T-Mobile’s customer service is in decline

According to Bloomberg, the bloom is off the rose as far as T-Mobile’s customer service is concerned. The wire service noted that the merger with Sprint was supposed to help T-Mobile do what it does best: bring relief to customer pain points. Instead, it says that T-Mobile’s customer service has been falling down on the job.
You might recall that T-Mobile was dead last among the four major U.S. carriers in just about every category that a wireless provider could be measured in until John Legere was named CEO in September 2012. Legere continued to hammer home the idea that T-Mobile was solving consumer pain points and this “customer-first” attitude meshed well with the executive’s often hilarious attacks on the competition.

Customer service was a major focus for T-Mobile during the John Legere era

Additionally, Legere seemed to know about phones making him one of us. You couldn’t imagine the CEO of Verizon reaching out to customers the way Legere did. And soon he had T-Mobile on a roll. While Verizon and AT&T were slowly building their 5G network around mmWave signals that only travel short distances, T-Mobile shrewdly went after Sprint to grab the latter’s 2.5GHz mid-band spectrum that has turned out to be the major reason why most experts say that the carrier is the top 5G provider in the states.

One of the customer pain points that Legere focused on before leaving T-Mobile was customer service. In 2018 he announced the Team of Experts promising that the days of being placed on hold and stuck listening to Muzak, automated menus, and robots were over. Initially, the move looked like a success with T-Mobile’s customer satisfaction rating (Net Promoter Score) up 60% since the Team of Experts launch to hit an all-time high. Customers took to texting the carrier with their questions and turnover dropped by 48%.
But Bloomberg reports that the wireless provider’s market share gains are slowing and since the merger with Sprint closed on April 1, 2020, its customer service scores started to slip from the “considerably higher” rating that customers gave the company for several years. In October, Consumer Reports wrote that T-Mobile “slipped from above average to just average,” and a survey by American Consumer Satisfaction Index showed T-Mobile fell from being best to worst among the three major stateside carriers.

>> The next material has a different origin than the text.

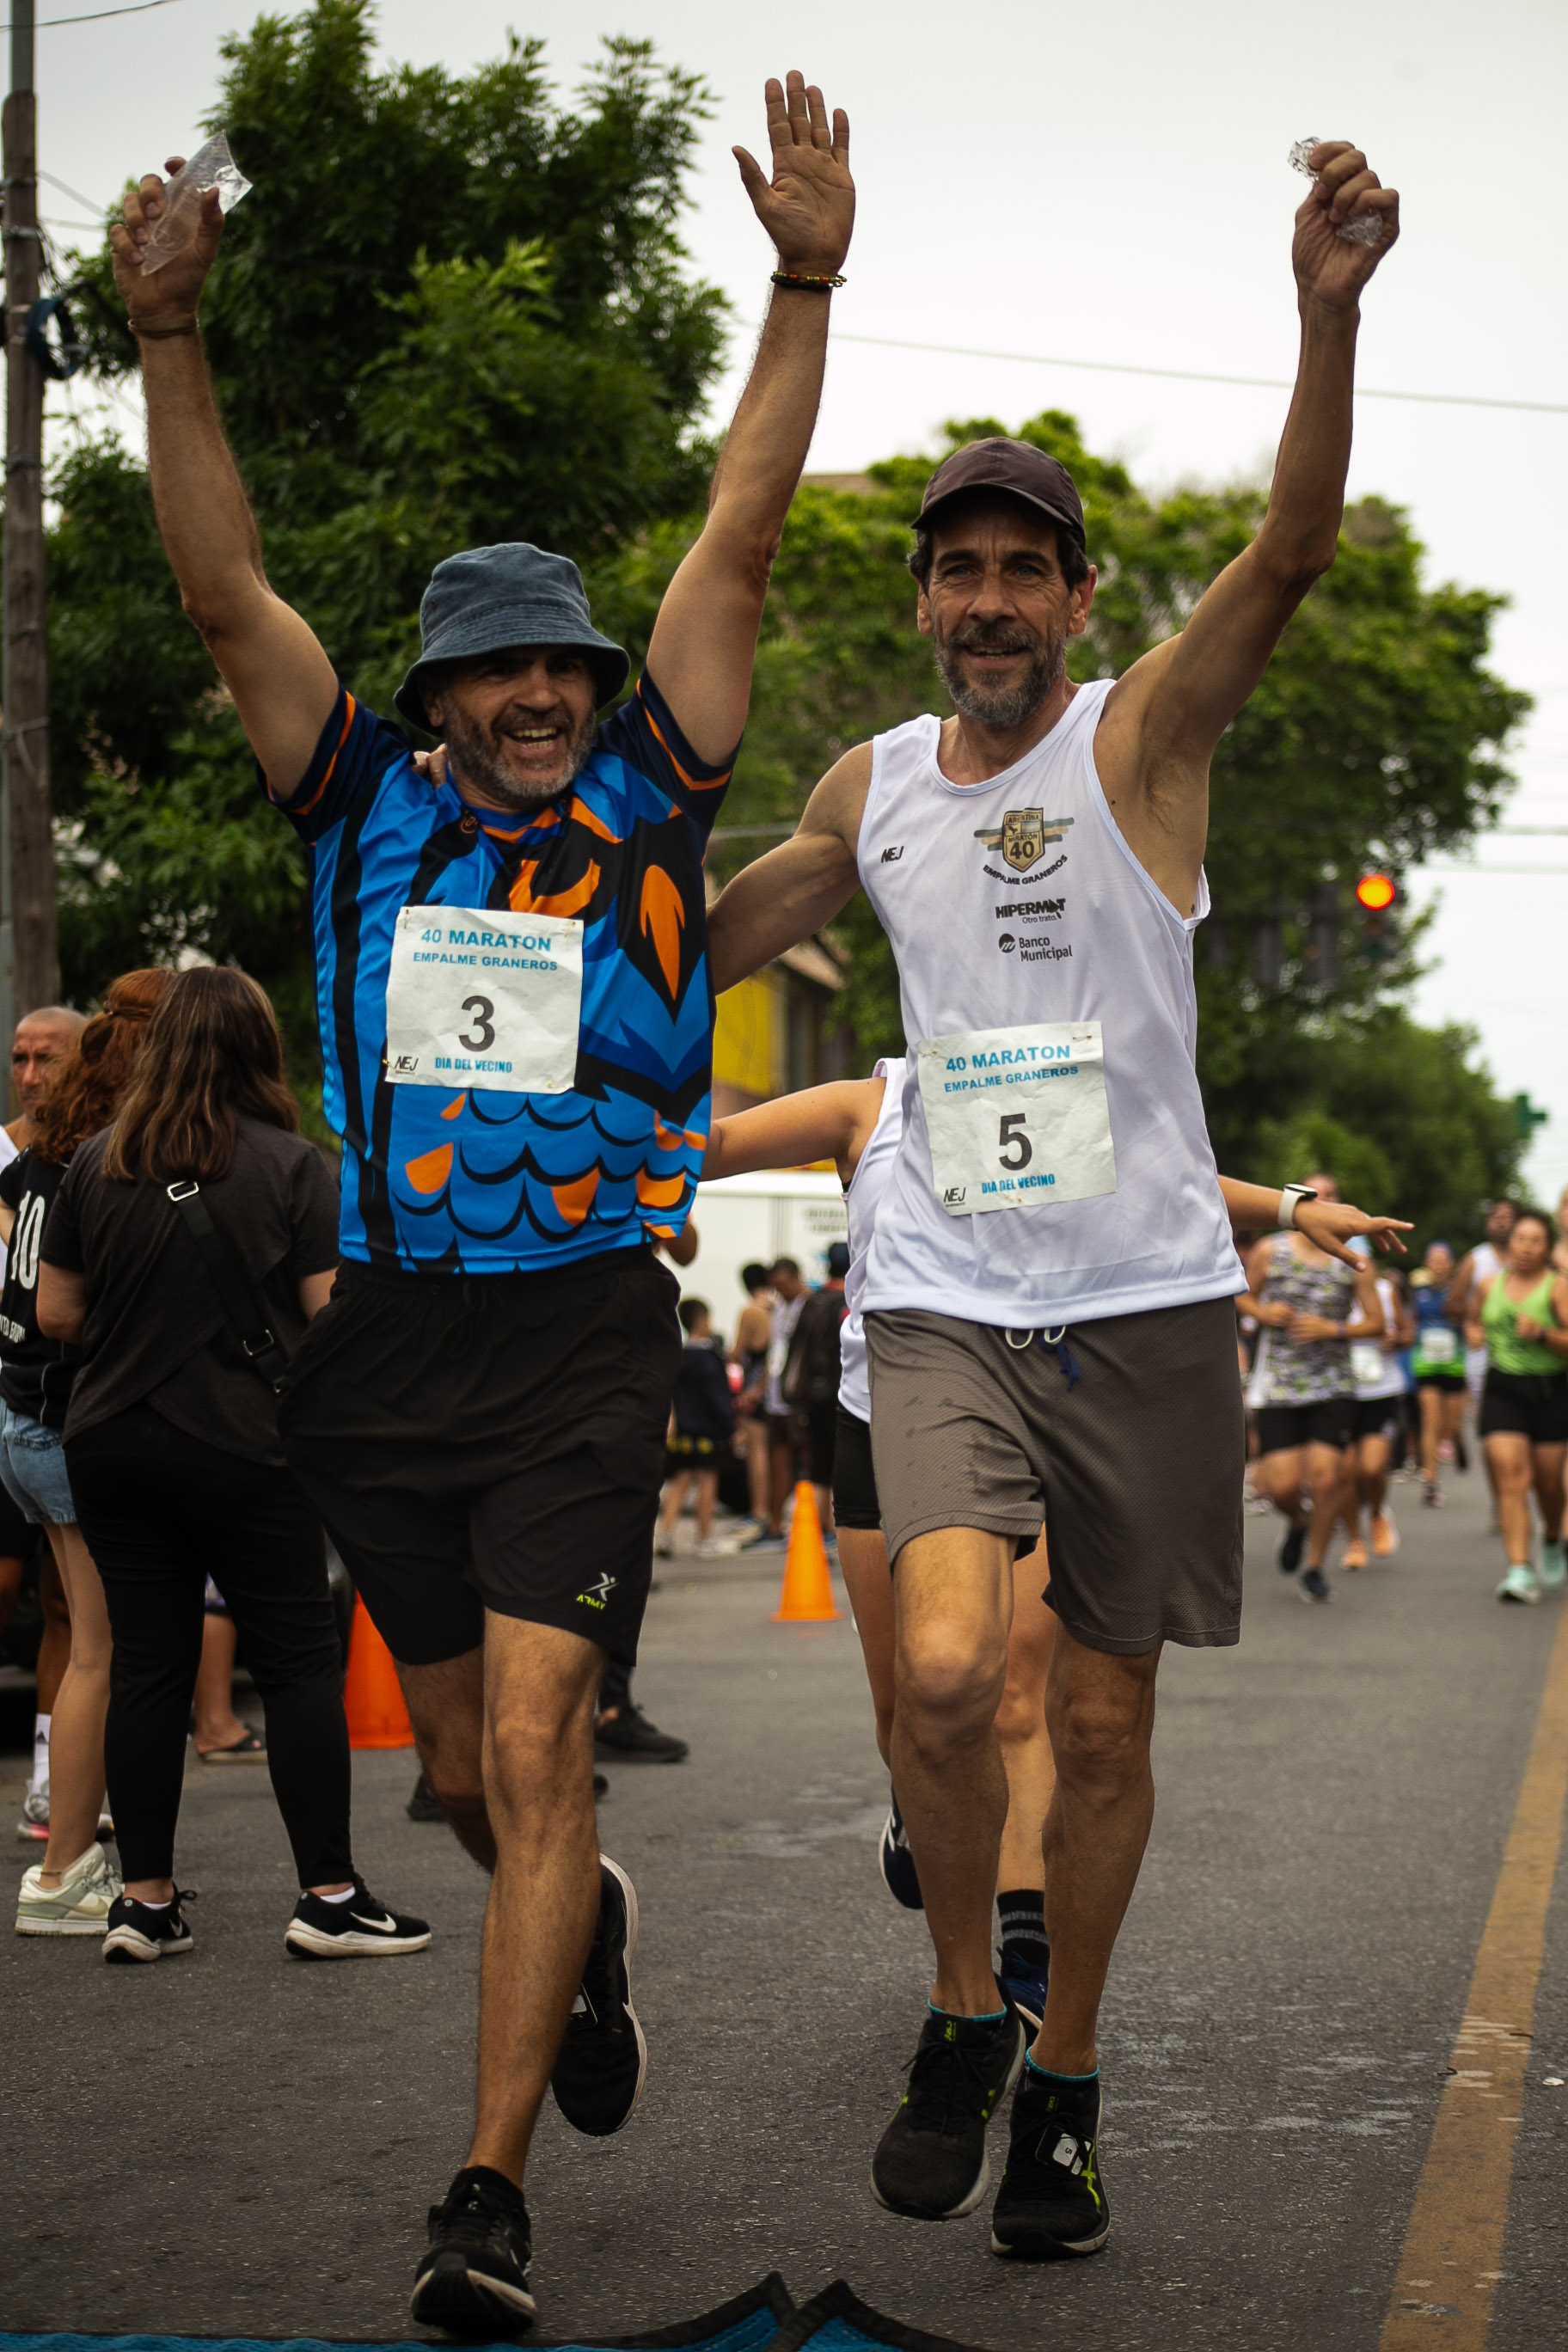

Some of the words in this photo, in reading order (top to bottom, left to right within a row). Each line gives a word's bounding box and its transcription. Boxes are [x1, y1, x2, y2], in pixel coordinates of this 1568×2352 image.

Bloomberg points out that the annoying things that T-Mobile’s rivals did to garner low customer service scores are things that T-Mobile is doing itself according to interviews that Bloomberg had with consumers and from reading social media posts. Callers were placed on long holds and when their calls were picked up, the voice on the other end was speaking from a call center out of the country.

Problems, once resolved quickly, were now dragging on. And even long-term customers were losing patience. One tweet, written by a now-former T-Mobile customer, said, “your poor customer service and network decline forced an 8 year customer to move 8 lines to @Verizon. Since the merger with Sprint and the new CEO taking over, the company now resembles the old awful sprint (sic). Nice work.”
A former T-Mobile employee named Carlos Recinos tweeted, “As an ex-employee for the company I can say that is sad to see what happened to T-Mobile but it was expected. When you say your focus is customer experience but you chase the dollar (merger), you will pay the consequences. They were doing great but dropped the ball.”

Even though T-Mobile still topped the latest J.D. Power wireless phone survey with a score of 819, that tally was down 33 points from their tally from last year and its decline was the largest among the three major U.S. carriers.

In March, T-Mobile promoted Callie Field to the job of chief customer experience officer. Field blames the Sprint acquisition and the pandemic for the breakdown in customer service. Talking about the pandemic she said, “It had a bigger impact than I anticipated. We lost a lot of our staff.” J.D. Power’s Ian Greenblatt, managing director of technology, media, and telecommunications, said, “T-Mobile might be the victim of its own successful marketing, of setting a tremendously high expectation.”

Former T-Mobile rep says that the company’s focus moved from customers to money after the Sprint merger closed”

The rise and fall of T-Mobile’s customer service is summed up by Diana Cordoba, a former salesperson who worked for the carrier in Orlando, Florida. She mentions how Legere’s “Un-carrier” branding would get reps in the store excited. Working at the store was so much fun, she says, that some of her friends joined her at that location. But along came the Sprint deal and Cordoba says, “They stopped putting their customers and employees first and started caring only about money like every other corporation.”

Legere’s successor, Mike Sievert, told Bloomberg in an email, “We are delivering the best service in this industry by any objective measure. The combination with Sprint isn’t hurting the elements that made the company stand out before. Our culture is a big part of what differentiates us and it’s thriving and growing through a merger and a pandemic.”